Corymbophanes represents an old lineage as it lacks many of the characteristics of the rest of the subfamily Hypostominae. This group probably has a basal position within the subfamily. Corymbophanes was originally placed in its own tribe Corymbophanini, but the first comprehensive molecular phylogenetic analysis of the subfamily Hypostominae found Corymbophanes to be nested within the tribe Ancistrini. However, Eschmeyer's Catalog of Fishes does not recognize tribes within the subfamily Hypostominae.

==Species==
There were previously two recognized species in this genus. A third species was described in a 2020 study.

==Distribution and habitat==
Corymbophanes species originate from the upper Potaro River of the Essequibo River drainage system.
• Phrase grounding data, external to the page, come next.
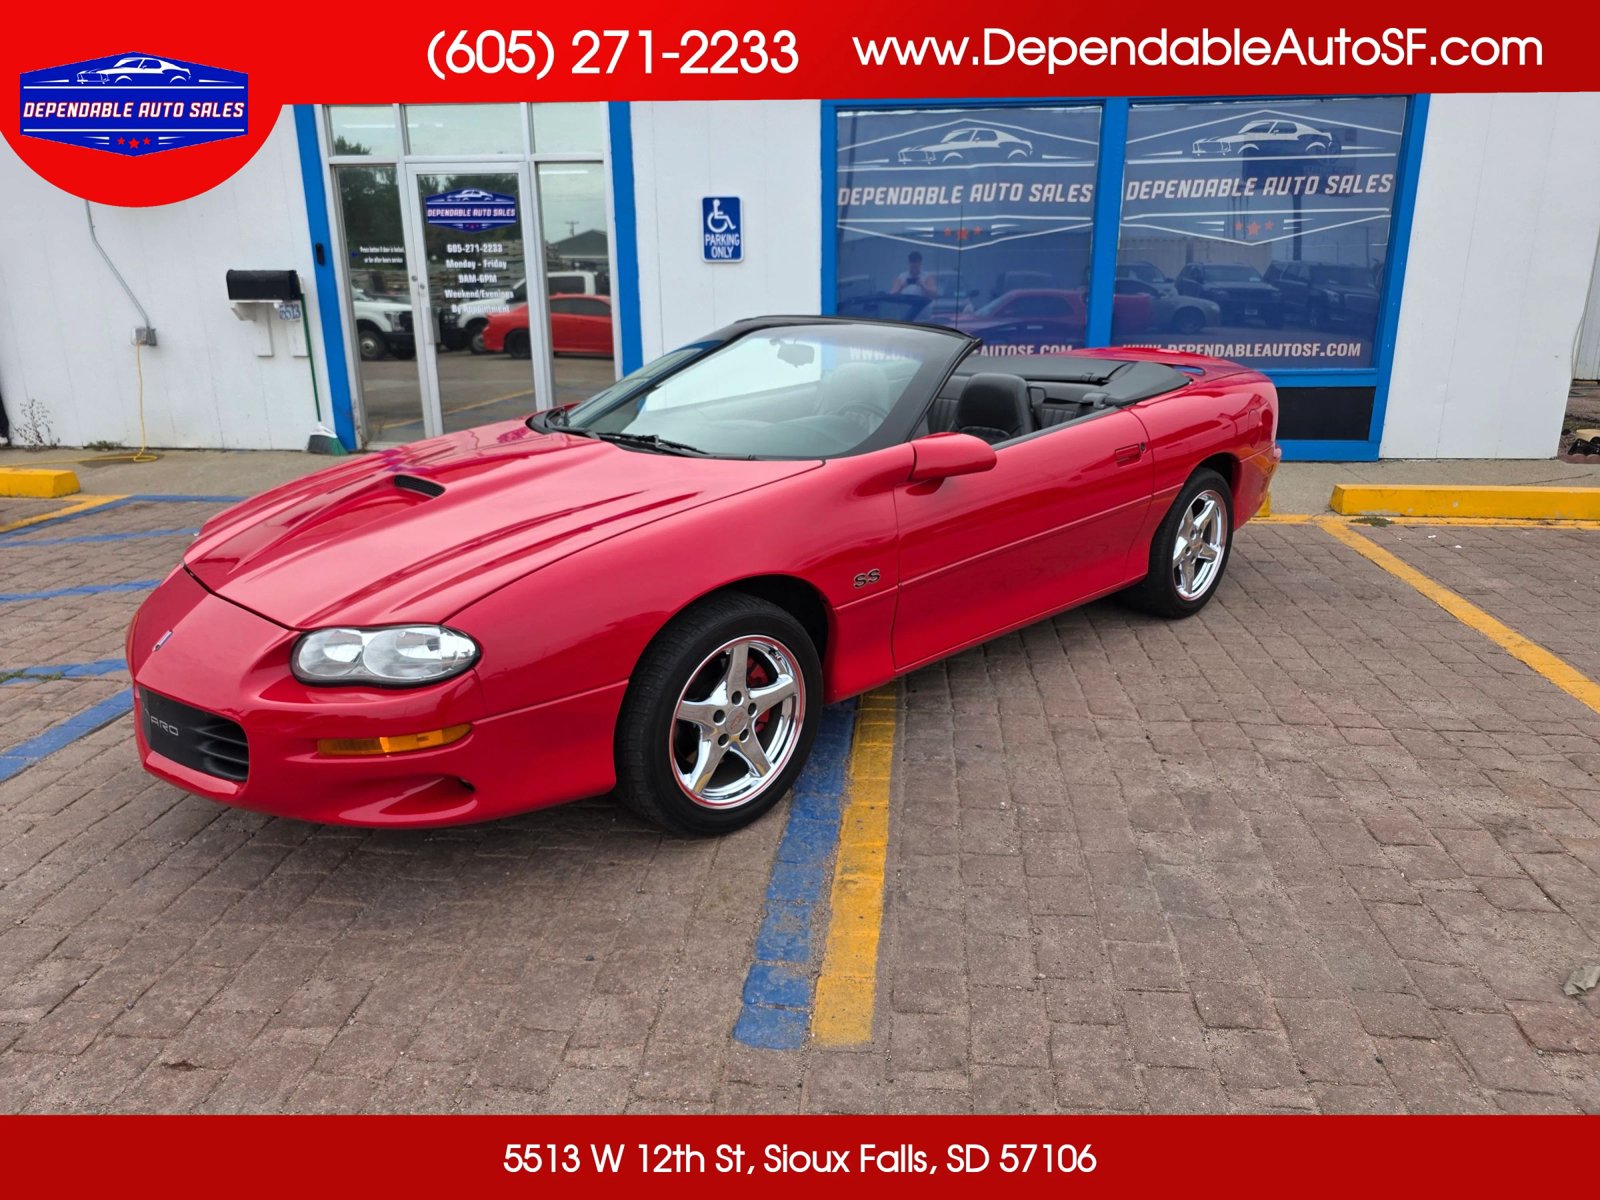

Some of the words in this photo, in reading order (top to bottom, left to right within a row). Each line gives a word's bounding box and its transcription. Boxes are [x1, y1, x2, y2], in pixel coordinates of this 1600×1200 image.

[1125, 177, 1258, 201] DEPENDABLE
[1262, 175, 1320, 196] AUTO
[1324, 173, 1395, 194] SALES
[837, 185, 964, 206] DEPENDABLE
[969, 182, 1024, 202] AUTO
[1028, 183, 1094, 203] SALES
[427, 208, 471, 217] DEPENDABLE
[472, 208, 492, 217] AUTO
[492, 208, 516, 217] SALES
[705, 233, 740, 247] PARKING
[446, 243, 503, 253] 605-271-2233
[711, 246, 734, 258] ONLY
[445, 259, 476, 270] Monday
[483, 259, 507, 270] Friday
[854, 568, 881, 589] SS
C. andersoni is only known from the Chenapou Falls of this river. C. kaiei is only known from the Oung Creek, a small tributary of the Potaro River drainage. Neither of these species are found downstream of the Kaieteur Falls. Corymbophanes species live in swift riffles over gravel and cobble and among submerged logs.

==Appearance and anatomy==
Like other Loricariids, Corymbophanes species have plates of armor on their body and a suckermouth. Small odontodes are also present along their body. This genus can be distinguished from all other Loricariids by the presences of a dorsal ridge formed by plates between the dorsal fin and the caudal fin, the absence of the adipose fin, as well as the absence of the omega iris that most loricariids possess. Corymbophanes species do not have evertible cheek plates and do not hypertrophied cheek odontodes which are present in many other loricariid species, which differentiates it from the few species that possess the aforementioned ridge.

Species of this genus do not get very large; C. andersoni does not exceed 8.6 centimetres (3.4 in) and C. kaiei does not exceed 6.6 cm. These fish are dark brown to black with white or cream-colored markings. C. kaiei has alternating light and dark bands on its caudal fin; also, this species has a dark-colored abdomen with light vermiculations in adults. By contrast, C. andersoni has no bands on the caudal fin, has no vermiculations, and the abdomen is light-colored.